ASPECTS OF THE ROLE OF SULFUR IN HIGH AND ULTRA-HIGH GRADE METAMORPHISM

Charlie Guidotti was intrigued by the role of sulfur in metamorphism of pelitic rocks, and along with students and collaborators made numerous important contributions to understanding how this minor component affected phase equilibria during low- to medium-grade metamorphism. Sulfur has some even more surprising effects in high- to ultrahigh-grade metamorphism as well. 1) As with low-grade metamorphism, the presence of more than trace amounts of S can affect the AKFM silicate assemblage by causing a subtle or even major decrease in modal amounts of Fe-rich phases such as garnet or staurolite and a consequent increase in more Mg-rich phases; unusual appearance of very Mg-rich phases such as cordierite may occur. In rare cases at second-sillimanite grade, pure-Mg cordierite and biotite may be produced. The cause of these effects is the sequestration of Fe into sulfide minerals (pyrite or pyrrhotite, or rarely both) producing an increase in the effective bulk Fe/Mg ratio of the rock. 2) Subtle to major shifts in accessory mineral content may also occur, e.g., rutile joining or even replacing the normal Fe-Ti oxide phase ilmenite in metapelitic rocks. In calc-pelite compositions, sphene may be produced. 3) Compositions of accessory minerals may be affected either sympathetically or directly by high S contents.
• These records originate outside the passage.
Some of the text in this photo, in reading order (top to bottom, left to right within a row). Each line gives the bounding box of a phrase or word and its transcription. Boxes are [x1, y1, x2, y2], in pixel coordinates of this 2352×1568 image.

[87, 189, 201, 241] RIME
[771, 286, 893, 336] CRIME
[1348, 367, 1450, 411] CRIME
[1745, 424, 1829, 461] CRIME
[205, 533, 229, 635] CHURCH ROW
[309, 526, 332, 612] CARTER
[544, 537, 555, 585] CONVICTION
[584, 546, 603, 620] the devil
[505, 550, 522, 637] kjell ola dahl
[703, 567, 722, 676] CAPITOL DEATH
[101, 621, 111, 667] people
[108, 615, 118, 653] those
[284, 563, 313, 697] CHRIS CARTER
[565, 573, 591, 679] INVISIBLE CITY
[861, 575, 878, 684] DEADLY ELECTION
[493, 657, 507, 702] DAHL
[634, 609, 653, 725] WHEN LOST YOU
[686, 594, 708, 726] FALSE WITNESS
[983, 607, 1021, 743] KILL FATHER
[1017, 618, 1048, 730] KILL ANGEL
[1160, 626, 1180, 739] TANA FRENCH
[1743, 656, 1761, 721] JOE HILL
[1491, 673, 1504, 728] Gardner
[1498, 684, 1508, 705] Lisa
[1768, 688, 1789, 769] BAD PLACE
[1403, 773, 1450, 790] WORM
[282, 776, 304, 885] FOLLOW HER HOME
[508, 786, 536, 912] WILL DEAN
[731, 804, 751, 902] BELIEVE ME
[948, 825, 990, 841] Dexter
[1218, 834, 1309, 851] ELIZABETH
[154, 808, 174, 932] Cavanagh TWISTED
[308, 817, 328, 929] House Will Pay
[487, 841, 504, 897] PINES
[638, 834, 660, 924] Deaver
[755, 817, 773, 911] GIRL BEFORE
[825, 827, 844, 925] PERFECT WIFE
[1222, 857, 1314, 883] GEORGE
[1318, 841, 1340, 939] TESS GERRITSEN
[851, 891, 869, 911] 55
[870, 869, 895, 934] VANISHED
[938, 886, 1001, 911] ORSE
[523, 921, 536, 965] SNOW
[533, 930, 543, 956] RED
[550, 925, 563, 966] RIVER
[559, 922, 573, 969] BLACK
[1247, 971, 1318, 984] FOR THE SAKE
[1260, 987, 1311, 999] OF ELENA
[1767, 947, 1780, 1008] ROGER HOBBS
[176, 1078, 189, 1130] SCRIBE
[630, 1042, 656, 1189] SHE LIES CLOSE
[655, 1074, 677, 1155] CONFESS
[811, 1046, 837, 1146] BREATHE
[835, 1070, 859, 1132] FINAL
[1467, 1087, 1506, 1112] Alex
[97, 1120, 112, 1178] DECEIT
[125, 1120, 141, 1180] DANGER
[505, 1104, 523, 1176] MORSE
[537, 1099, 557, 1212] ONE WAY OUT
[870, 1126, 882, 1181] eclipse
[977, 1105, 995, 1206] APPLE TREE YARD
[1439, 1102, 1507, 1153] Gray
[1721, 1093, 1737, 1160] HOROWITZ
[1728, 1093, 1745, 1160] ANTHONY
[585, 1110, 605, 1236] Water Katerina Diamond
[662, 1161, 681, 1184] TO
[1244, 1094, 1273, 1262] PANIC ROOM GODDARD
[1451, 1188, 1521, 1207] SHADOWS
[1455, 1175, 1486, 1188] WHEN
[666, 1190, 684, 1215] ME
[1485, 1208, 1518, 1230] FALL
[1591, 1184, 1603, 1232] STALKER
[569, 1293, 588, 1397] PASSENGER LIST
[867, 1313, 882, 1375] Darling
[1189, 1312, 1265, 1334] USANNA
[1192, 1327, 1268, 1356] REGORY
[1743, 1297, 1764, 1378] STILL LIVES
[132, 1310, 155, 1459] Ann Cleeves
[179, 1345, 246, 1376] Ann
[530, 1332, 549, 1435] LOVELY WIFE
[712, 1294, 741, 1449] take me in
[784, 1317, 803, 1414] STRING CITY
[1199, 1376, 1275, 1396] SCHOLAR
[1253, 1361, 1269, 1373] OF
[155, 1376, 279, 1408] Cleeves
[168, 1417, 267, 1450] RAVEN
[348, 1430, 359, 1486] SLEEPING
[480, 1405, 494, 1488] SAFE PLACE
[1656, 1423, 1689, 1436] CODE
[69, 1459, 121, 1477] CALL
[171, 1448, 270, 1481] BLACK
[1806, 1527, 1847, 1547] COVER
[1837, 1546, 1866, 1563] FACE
For example, Mg/Fe ratios of tourmalines rise to very high levels in the more S-rich metapelites that contain Mg-rich silicate minerals. In one unusual case of higher-P (0.7 GPa), UHT contact metamorphism in a deep crustal xenolith in mafic magma, monazite [(REE,Th,U)PO₄] in a sulfidic metapelite has reacted with a highly oxidized S-rich fluid to permit extensive (>10%) solid solution of the REE phosphate toward an R²⁺ sulfate. The phase equilibrium and mineral compositional effects produced by sulfur during high-grade metamorphism depend critically upon the oxidation state of the rock and the presence of carbon (original organic matter). In strongly reducing environments, fluids in sufficiently S-rich rocks may approach or exceed 50 mol% H₂S at 700 °C, potentially producing unusual mineralogic and petrologic effects.